■ **YOUR INSTRUCTIONS**
What is needed is an exact copy of the lines from the one containing "this 1904×1428 image." through the last line of the records below, with no pictures.

■ **Collected data**

● ● ● ● ●

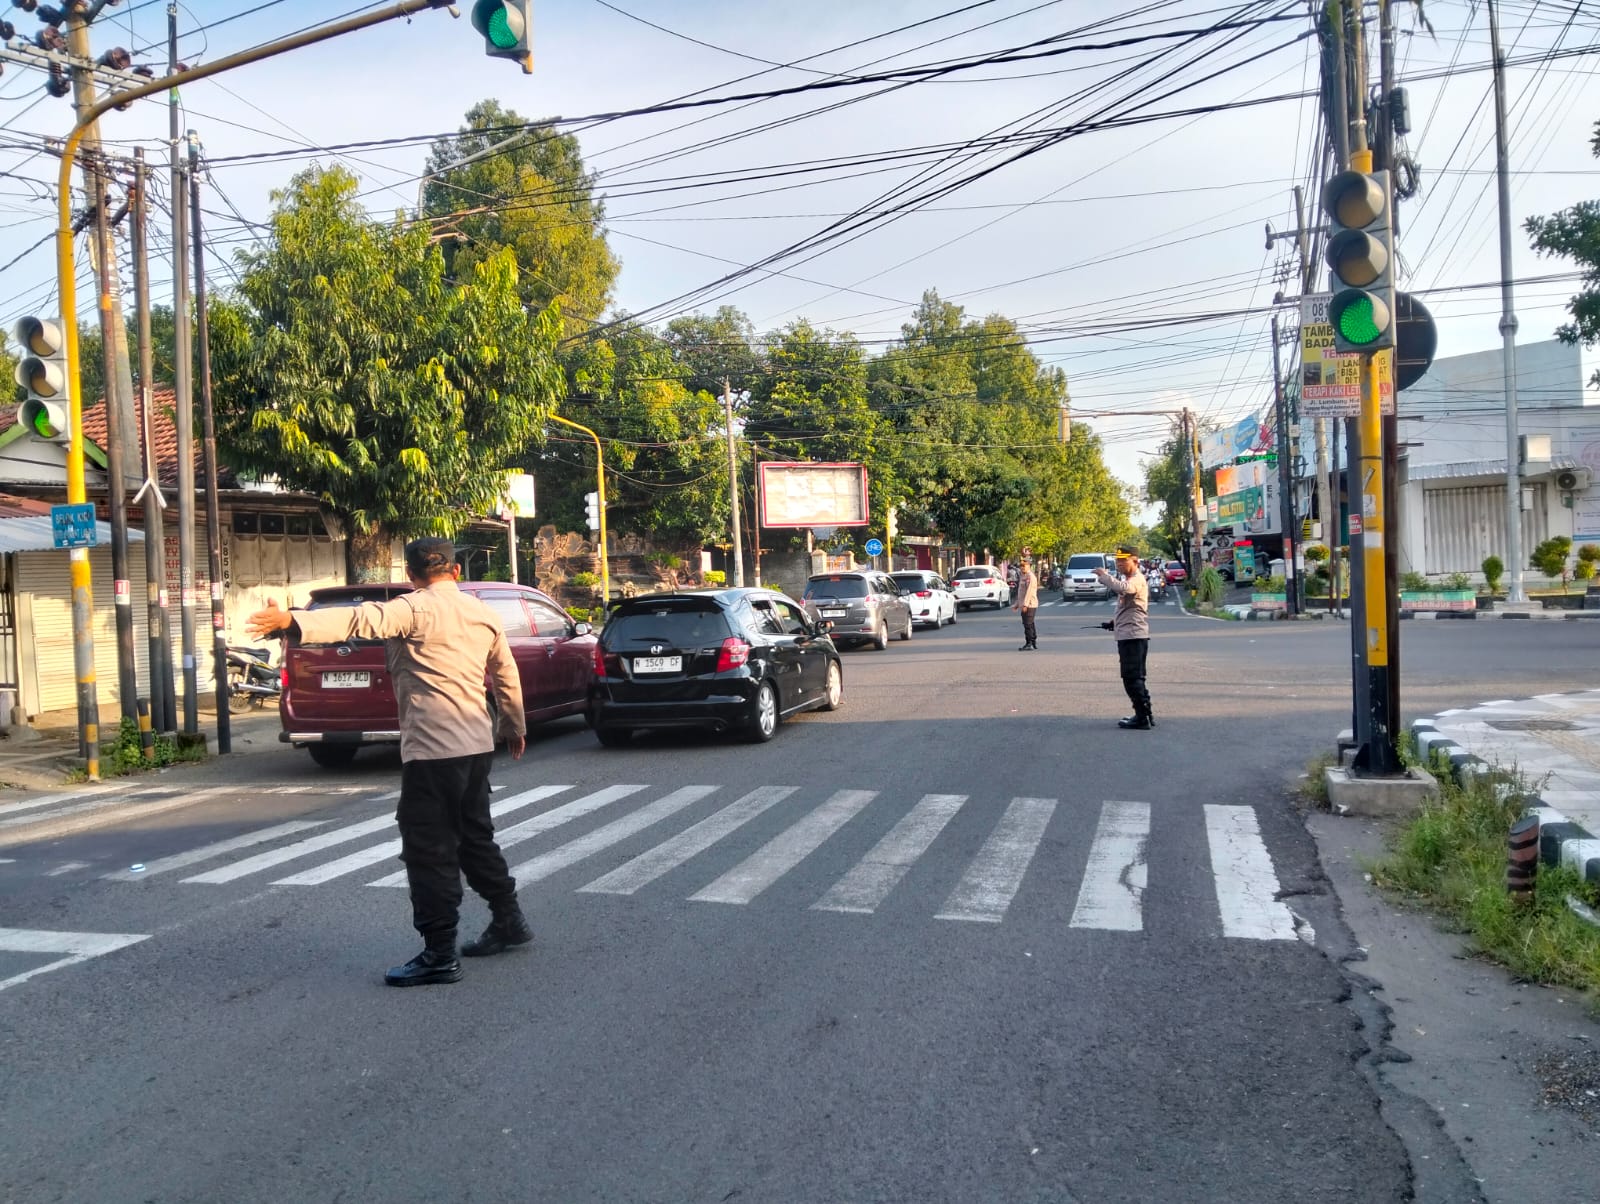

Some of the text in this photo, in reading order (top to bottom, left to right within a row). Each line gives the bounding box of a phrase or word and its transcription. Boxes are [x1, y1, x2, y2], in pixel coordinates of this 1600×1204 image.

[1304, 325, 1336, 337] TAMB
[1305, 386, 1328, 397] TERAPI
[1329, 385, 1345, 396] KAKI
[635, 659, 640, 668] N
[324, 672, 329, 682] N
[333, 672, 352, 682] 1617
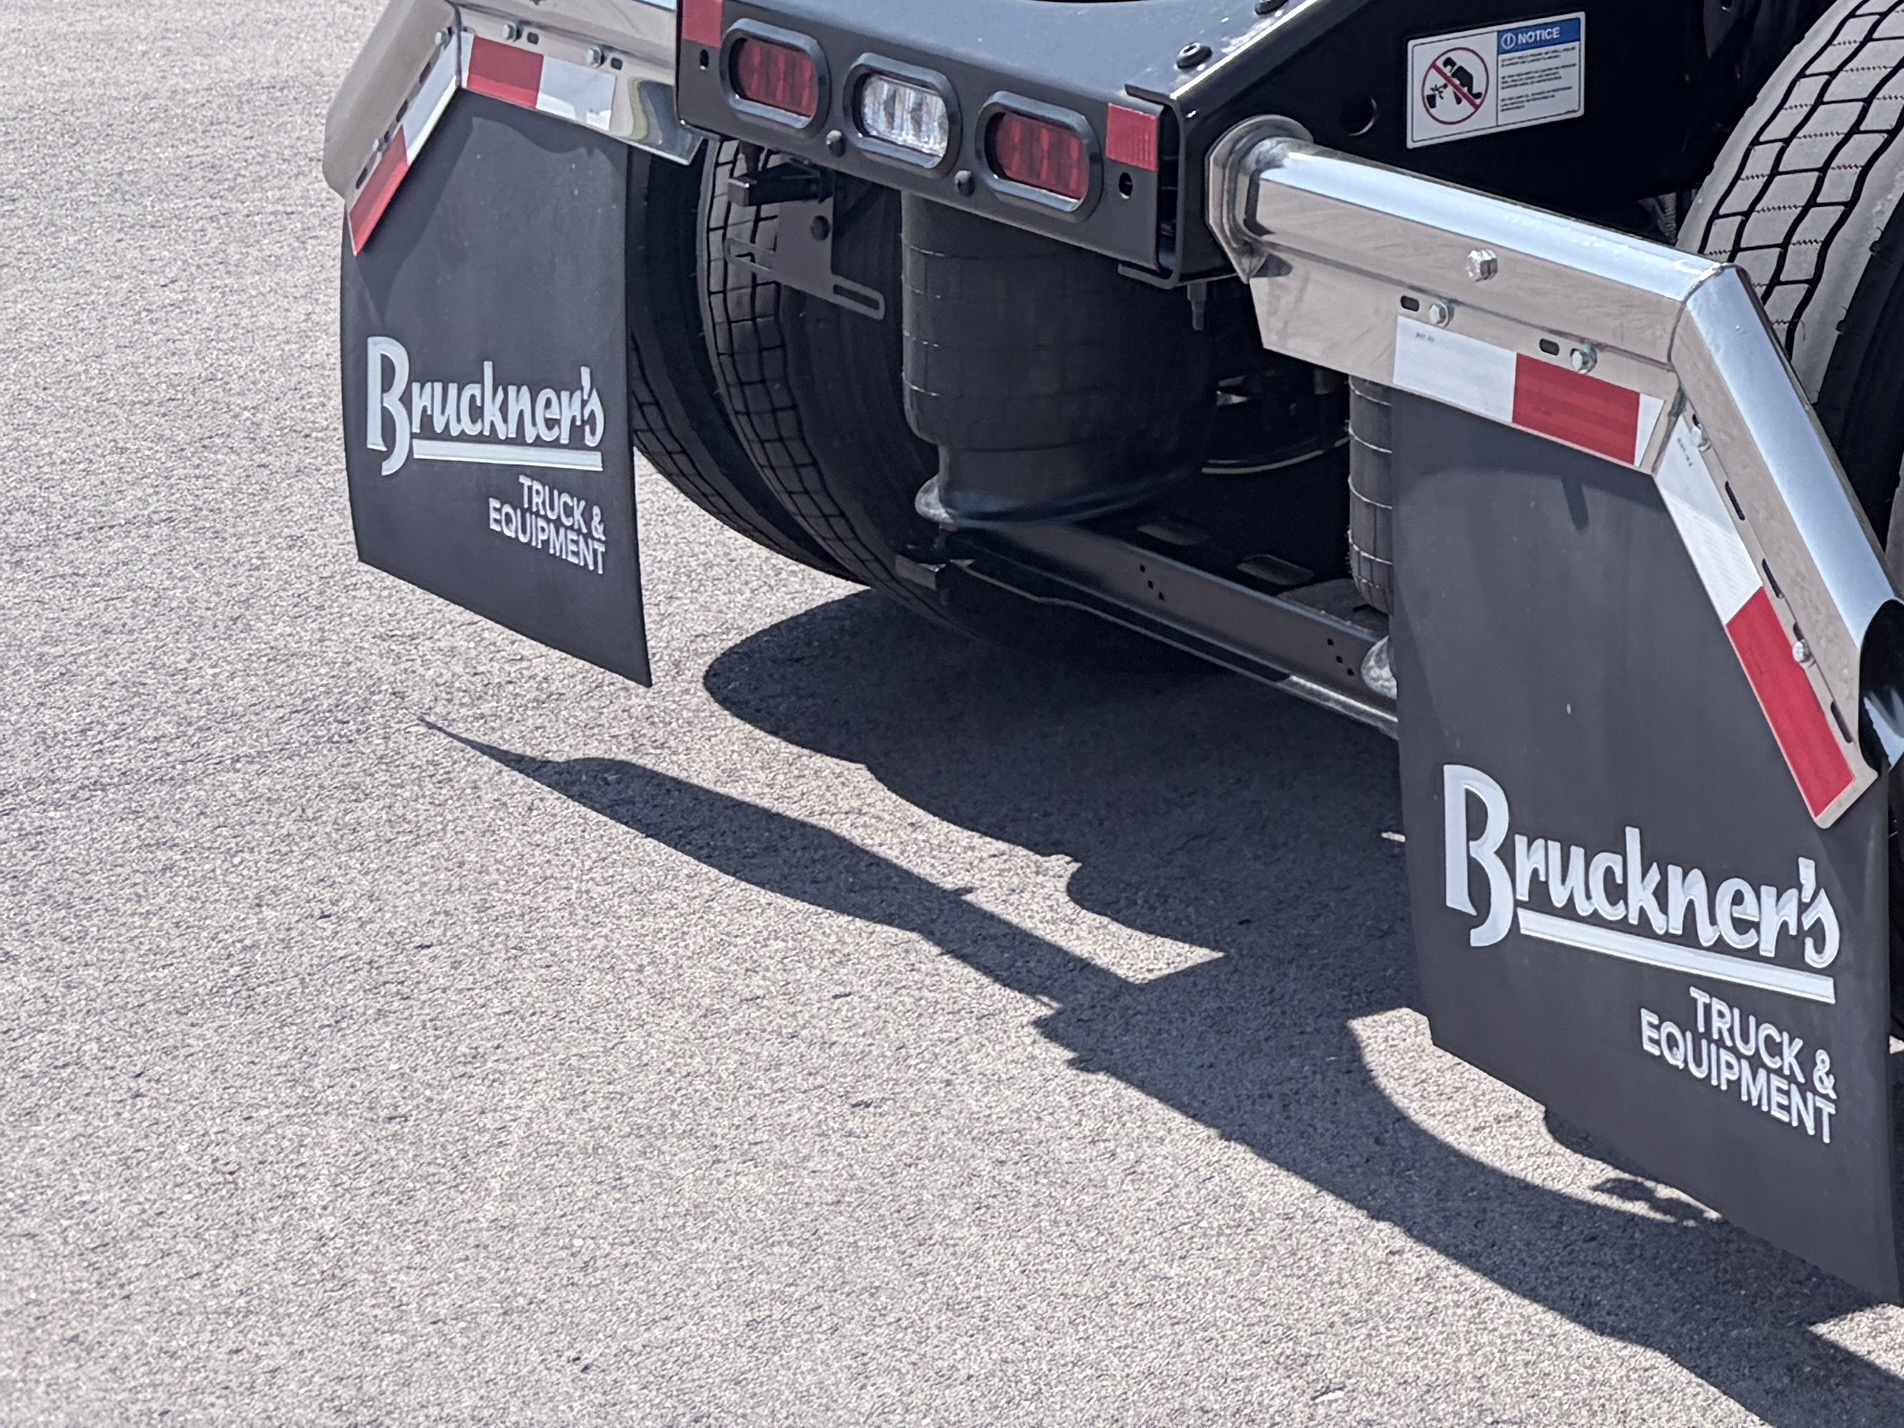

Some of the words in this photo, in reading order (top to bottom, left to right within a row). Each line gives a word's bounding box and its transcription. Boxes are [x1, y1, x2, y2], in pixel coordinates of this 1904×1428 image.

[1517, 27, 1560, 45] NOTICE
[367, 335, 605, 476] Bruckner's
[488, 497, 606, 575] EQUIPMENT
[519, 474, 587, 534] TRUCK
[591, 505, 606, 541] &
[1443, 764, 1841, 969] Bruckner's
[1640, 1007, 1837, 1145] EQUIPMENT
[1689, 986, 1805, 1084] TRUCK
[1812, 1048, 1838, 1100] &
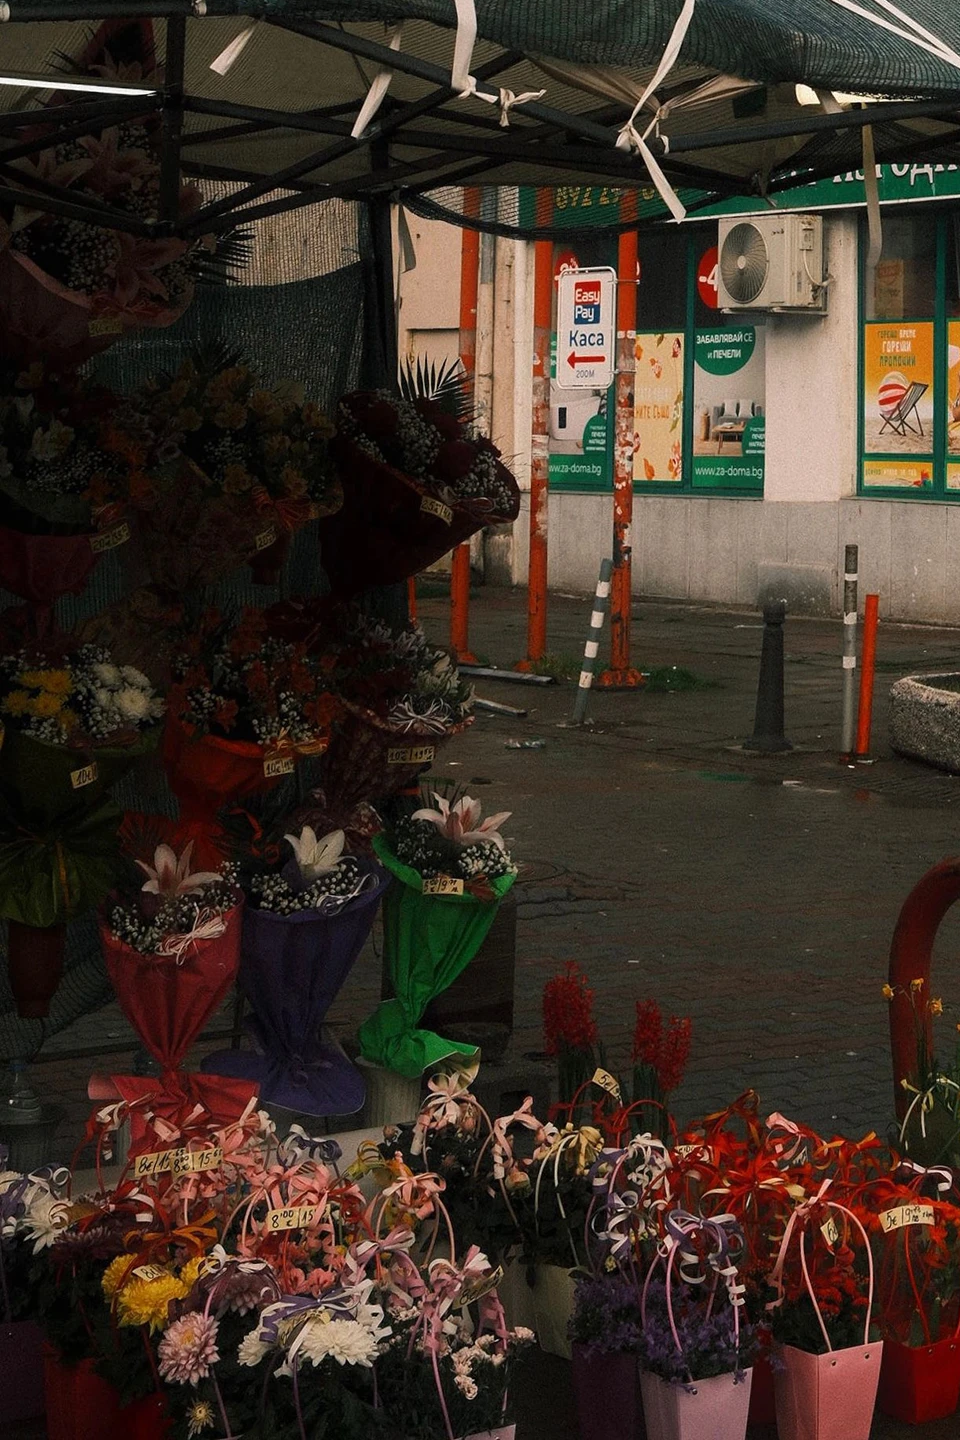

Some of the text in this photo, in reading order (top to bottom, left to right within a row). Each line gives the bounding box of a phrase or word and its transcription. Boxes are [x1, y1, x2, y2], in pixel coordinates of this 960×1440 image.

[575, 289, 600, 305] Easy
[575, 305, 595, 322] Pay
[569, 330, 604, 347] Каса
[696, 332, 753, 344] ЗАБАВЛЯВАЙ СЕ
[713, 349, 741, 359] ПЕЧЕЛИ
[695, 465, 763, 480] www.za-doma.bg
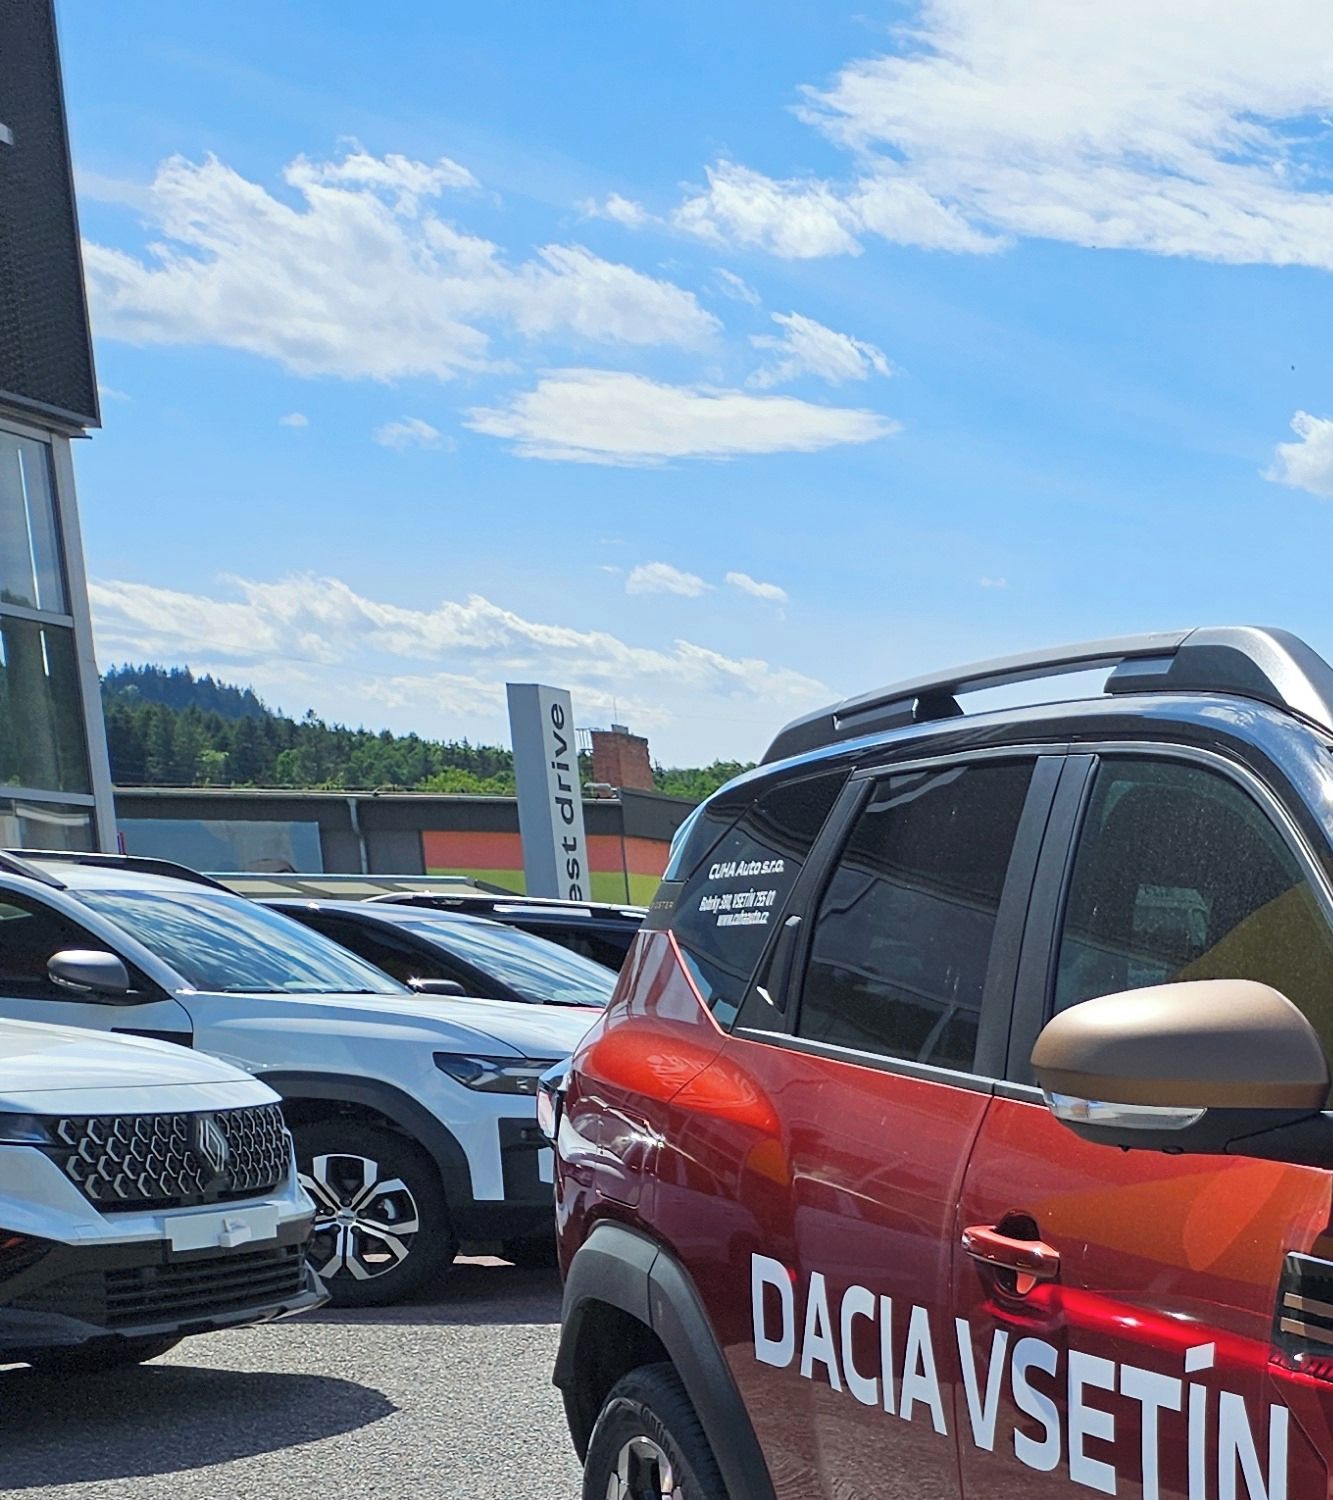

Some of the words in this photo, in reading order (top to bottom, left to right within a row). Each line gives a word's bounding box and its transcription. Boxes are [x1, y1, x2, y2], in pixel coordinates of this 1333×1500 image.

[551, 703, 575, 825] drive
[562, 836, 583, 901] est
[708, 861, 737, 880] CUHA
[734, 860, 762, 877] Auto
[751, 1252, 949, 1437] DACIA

● ● ● ● ●

■ **SOLUTION FOR THIS EXERCISE**
Some of the words in this photo, in reading order (top to bottom, left to right within a row). Each line gives a word's bounding box and its transcription. Boxes are [x1, y1, x2, y2], in pixel coordinates of this 1904×1428 image.

[1517, 27, 1560, 45] NOTICE
[367, 335, 605, 476] Bruckner's
[488, 497, 606, 575] EQUIPMENT
[519, 474, 587, 534] TRUCK
[591, 505, 606, 541] &
[1443, 764, 1841, 969] Bruckner's
[1640, 1007, 1837, 1145] EQUIPMENT
[1689, 986, 1805, 1084] TRUCK
[1812, 1048, 1838, 1100] &

Some of the text in this photo, in reading order (top to bottom, left to right within a row). Each line gives the bounding box of a phrase or word and its transcription. Boxes are [x1, y1, x2, y2], in pixel coordinates of this 960×1440 image.

[575, 289, 600, 305] Easy
[575, 305, 595, 322] Pay
[569, 330, 604, 347] Каса
[696, 332, 753, 344] ЗАБАВЛЯВАЙ СЕ
[713, 349, 741, 359] ПЕЧЕЛИ
[695, 465, 763, 480] www.za-doma.bg

Some of the words in this photo, in reading order (top to bottom, left to right within a row). Each line gives a word's bounding box and its transcription. Boxes are [x1, y1, x2, y2], in pixel coordinates of this 1333×1500 image.

[551, 703, 575, 825] drive
[562, 836, 583, 901] est
[708, 861, 737, 880] CUHA
[734, 860, 762, 877] Auto
[751, 1252, 949, 1437] DACIA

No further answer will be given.